The worm mucus that is found in vermicompost does not wash away easily. This gives plants longer to absorb the nutrients unlike many chemical fertilizers (source).
As the compost passes through the body of the worms, it becomes enriched with microbes and bacteria. These micro-organisms help the plants to become more disease resistant and repel pests.
Vermicompost enhances plant growth-regulating hormones that can help the plants grow and become healthier (source). As the plants become healthier, the need for pesticides is reduced.
Vermicompost can hold up to many times its weight in water which can really help out plants during a dry spell. This is especially beneficial in sandy soils where water retention can be challenging.
How To Set Up A Vermicompost Bin
Once you figure out the size of the bin you need and the number of worms needed, you can begin to set up your own vermicompost bin and let the worms get to work. Whether you build your own bin or buy one ready-to-go like this one (link to Amazon), getting started is pretty darn simple.
The first step is to create bedding at the bottom of the bin. Composting worms like newspaper strips. These are a favorite for bedding.
- Tear newspaper into ½” to 1” strips
- Place the strips into a plastic bag and add water until they feel slightly damp
- Add the strips to the bin
- Sprinkle two to four cups of soil to the bin
Once the bin is set up, the worms can be added, and food scraps can be dispersed throughout the bin under the bedding. A full sheet of dry newspaper can be added on top of the bedding to help maintain a moisture balance, prevent odors, and keep fruit flies out.
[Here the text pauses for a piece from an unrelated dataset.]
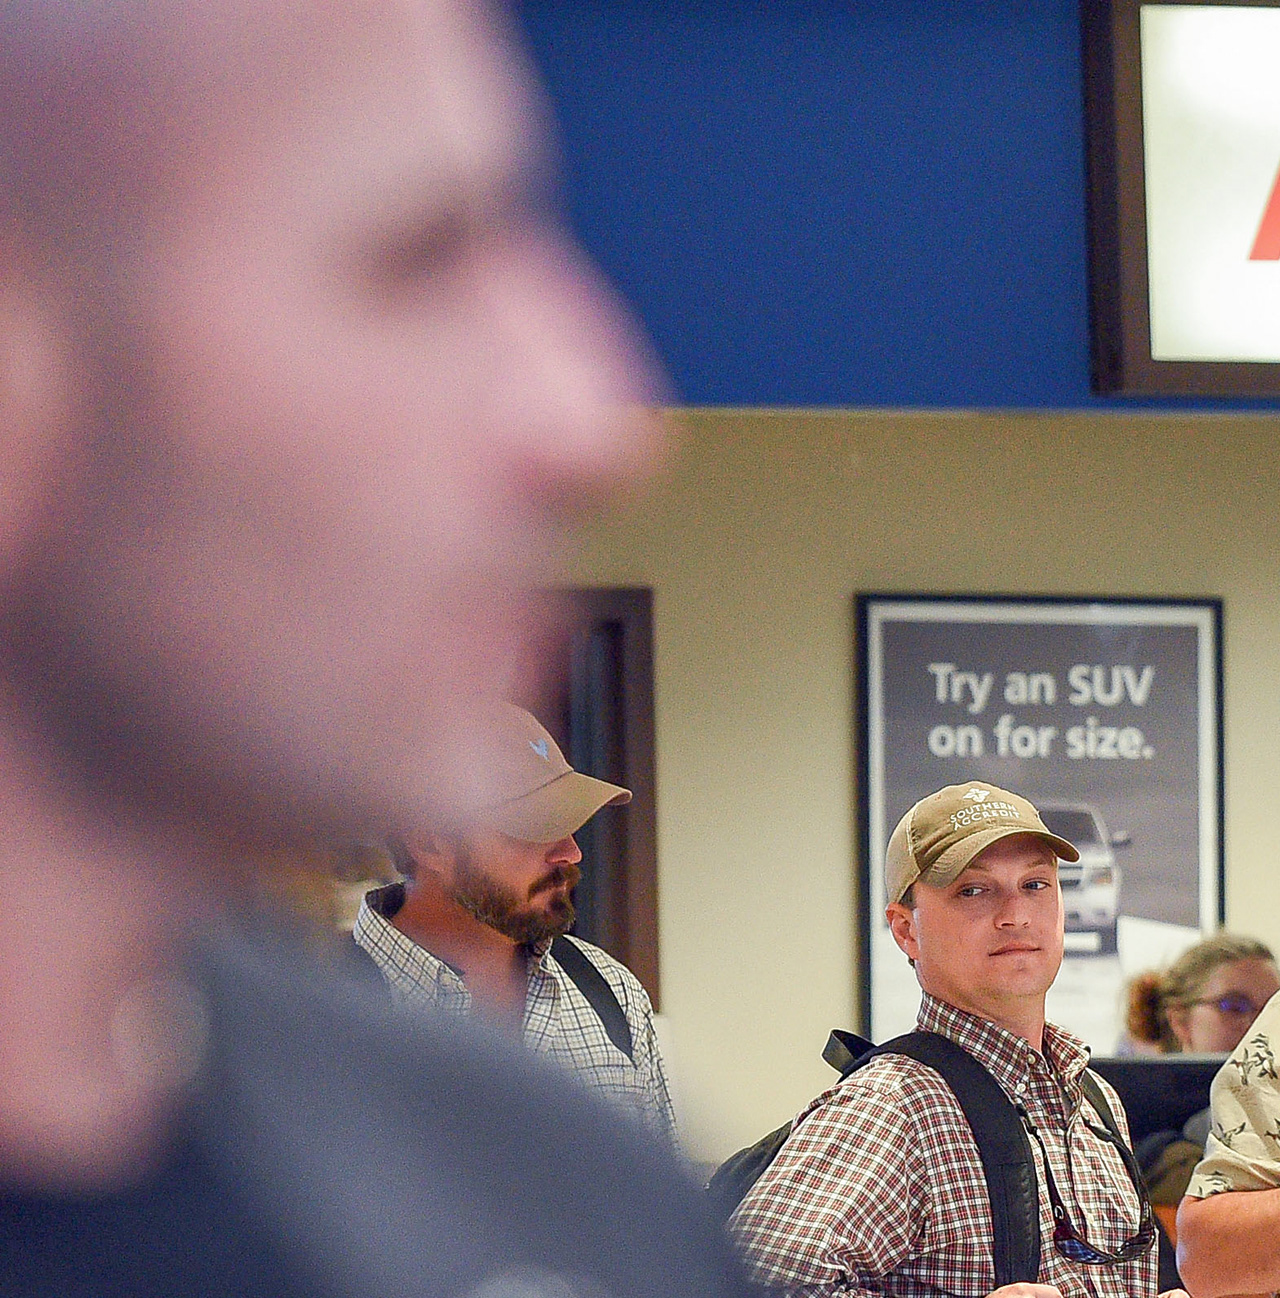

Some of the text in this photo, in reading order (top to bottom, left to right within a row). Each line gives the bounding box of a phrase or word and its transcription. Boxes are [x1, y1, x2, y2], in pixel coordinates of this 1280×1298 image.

[928, 662, 1156, 714] Try an SUV
[927, 713, 1156, 760] on for size.
[950, 801, 1017, 823] SOUTHERN
[954, 809, 1020, 831] AGCREDIT
The bin should be covered by plastic, wood, or cloth to keep the worms in and pests out. Holes should be drilled around the edges of the lid for proper ventilation or the lid can be left partially ajar.
Bedding should be regularly checked for dryness and sprayed with water if it is not moist enough. If bedding becomes too wet, drier bedding can be added to soak up the excess moisture.
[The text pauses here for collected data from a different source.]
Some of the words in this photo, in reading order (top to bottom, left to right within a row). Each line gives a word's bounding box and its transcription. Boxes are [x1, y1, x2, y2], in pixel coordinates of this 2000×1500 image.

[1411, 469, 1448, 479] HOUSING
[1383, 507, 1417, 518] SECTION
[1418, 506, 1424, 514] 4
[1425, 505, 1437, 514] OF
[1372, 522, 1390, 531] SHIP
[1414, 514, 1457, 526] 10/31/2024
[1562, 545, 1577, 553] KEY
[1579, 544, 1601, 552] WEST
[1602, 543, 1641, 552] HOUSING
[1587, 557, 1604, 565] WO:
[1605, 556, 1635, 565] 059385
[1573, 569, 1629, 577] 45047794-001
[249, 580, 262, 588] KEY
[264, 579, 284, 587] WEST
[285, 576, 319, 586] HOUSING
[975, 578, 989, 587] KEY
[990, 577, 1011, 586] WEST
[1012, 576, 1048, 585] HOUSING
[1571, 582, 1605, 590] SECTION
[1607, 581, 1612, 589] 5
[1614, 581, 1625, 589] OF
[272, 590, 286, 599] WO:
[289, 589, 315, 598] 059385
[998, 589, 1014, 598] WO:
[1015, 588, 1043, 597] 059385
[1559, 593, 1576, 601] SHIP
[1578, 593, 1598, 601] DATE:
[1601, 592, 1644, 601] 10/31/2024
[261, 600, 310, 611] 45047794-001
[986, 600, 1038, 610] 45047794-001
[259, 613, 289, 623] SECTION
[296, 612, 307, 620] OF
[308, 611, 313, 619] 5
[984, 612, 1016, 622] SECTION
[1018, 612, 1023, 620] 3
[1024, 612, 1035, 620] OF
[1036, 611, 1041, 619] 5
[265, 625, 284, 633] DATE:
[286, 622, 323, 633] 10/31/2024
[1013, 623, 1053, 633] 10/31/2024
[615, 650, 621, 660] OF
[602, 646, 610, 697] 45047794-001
The bedding should be fluffed about once a week to ensure that the worms are getting enough air. This is a pretty simple process. Don’t overthink it and don’t worry that you are going to mess something up. Keep an eye on things and adjust as needed.
Conclusion
Determining how many worms you need depends on how big your bin is and how many food items you plan to compost. I recommend starting small and building from there. Beginning your vermicomposting adventures with a huge number of worms and a very large bin can feel overwhelming.
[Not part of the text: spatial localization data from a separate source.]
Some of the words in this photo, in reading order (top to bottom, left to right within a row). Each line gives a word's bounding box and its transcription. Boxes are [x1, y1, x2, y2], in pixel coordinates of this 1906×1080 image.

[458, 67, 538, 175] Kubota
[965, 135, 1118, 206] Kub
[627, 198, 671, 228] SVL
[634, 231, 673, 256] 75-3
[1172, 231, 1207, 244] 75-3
There is no need to make this a source of stress. Let it be a journey of discovery. Purchase a couple of hundred worms, learn how to keep the bin in balance and how much they eat and go from there. You can add more worms later if you but they will multiply to meet the space you provide them Keep them healthy and happy and you will have a source of continuously replenished nutrients for your garden or plants.